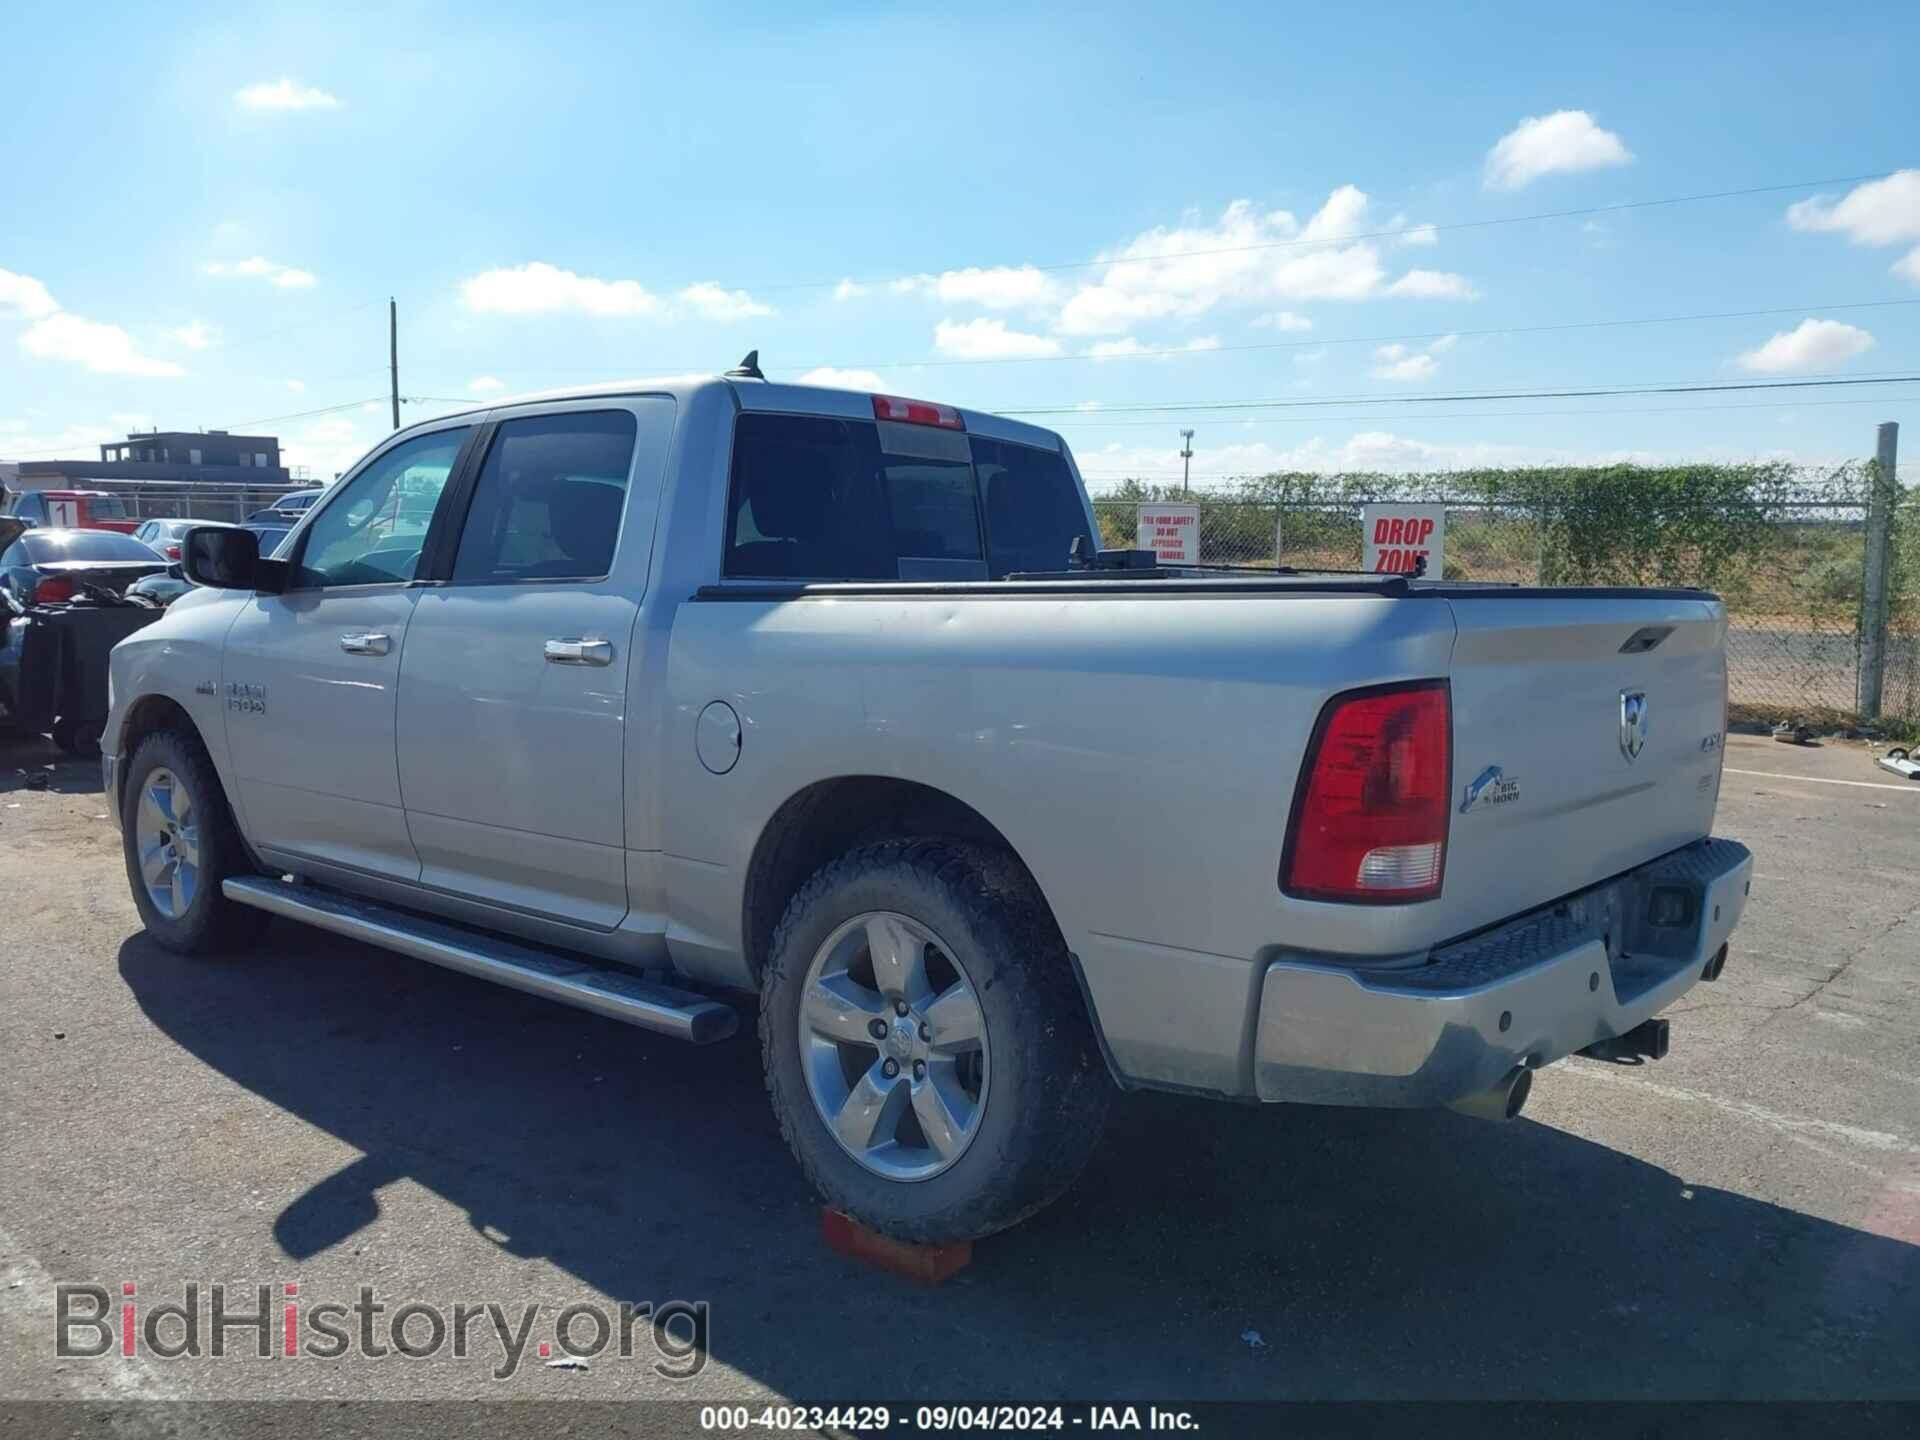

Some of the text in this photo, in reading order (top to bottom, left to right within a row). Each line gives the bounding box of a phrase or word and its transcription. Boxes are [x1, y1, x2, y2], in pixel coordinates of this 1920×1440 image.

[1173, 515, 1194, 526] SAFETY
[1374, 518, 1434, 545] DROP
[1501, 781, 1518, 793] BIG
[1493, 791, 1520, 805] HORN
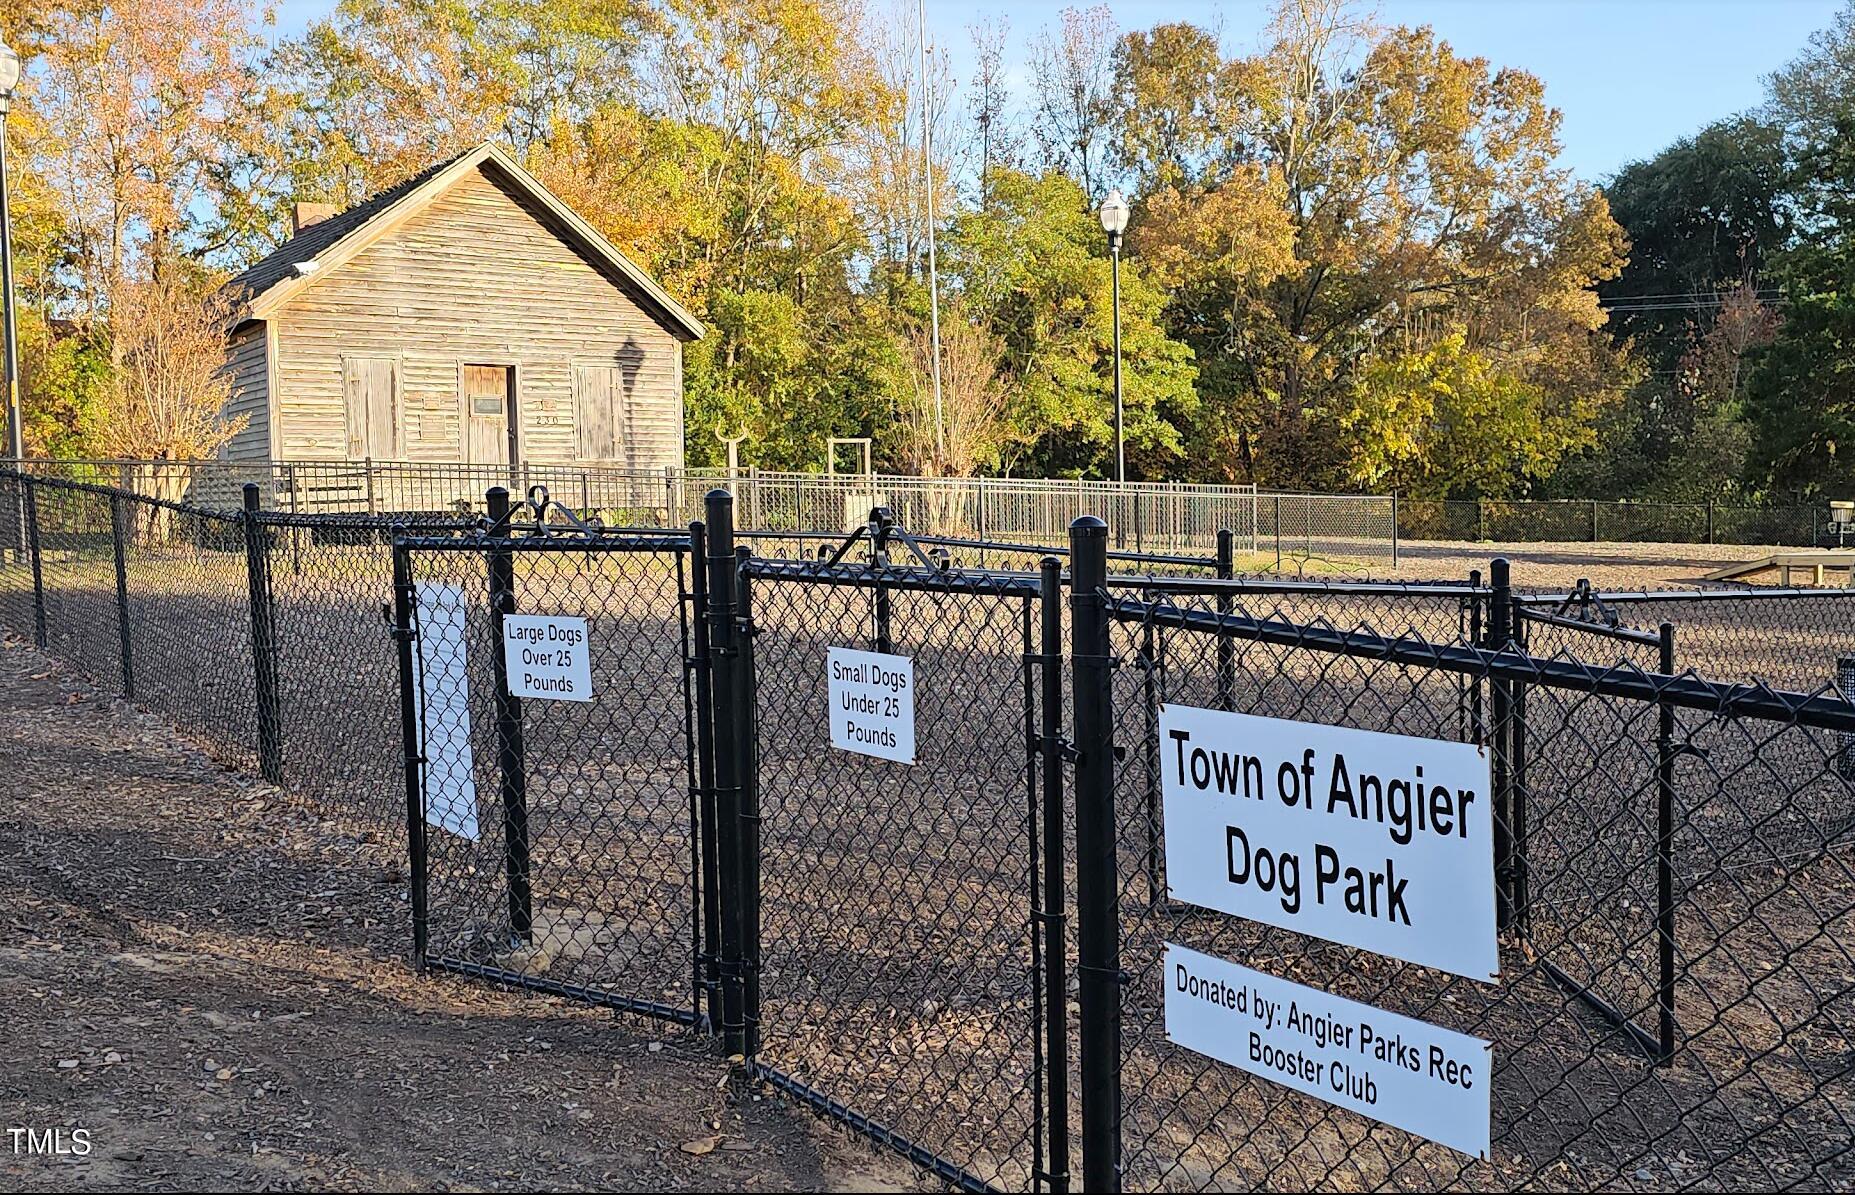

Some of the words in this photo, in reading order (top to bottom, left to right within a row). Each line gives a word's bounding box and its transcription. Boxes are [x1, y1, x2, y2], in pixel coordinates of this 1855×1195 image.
------------------------
▸ **GOAL OF THE EXERCISE**:
Copy out the records exactly. Do not include the pictures.

▸ **TASK SOLUTION**:
Some of the text in this photo, in reading order (top to bottom, left to right within a row). Each line gives the bounding box of a phrase or word and its transcription. Boxes are [x1, y1, x2, y2], in pixel coordinates of this 1920×1440 image.

[1173, 515, 1194, 526] SAFETY
[1374, 518, 1434, 545] DROP
[1501, 781, 1518, 793] BIG
[1493, 791, 1520, 805] HORN

Some of the words in this photo, in reading order (top to bottom, left to right within a row). Each line gives a word's bounding box and its transcription. Boxes are [x1, y1, x2, y2], in pixel coordinates of this 1855×1195 image.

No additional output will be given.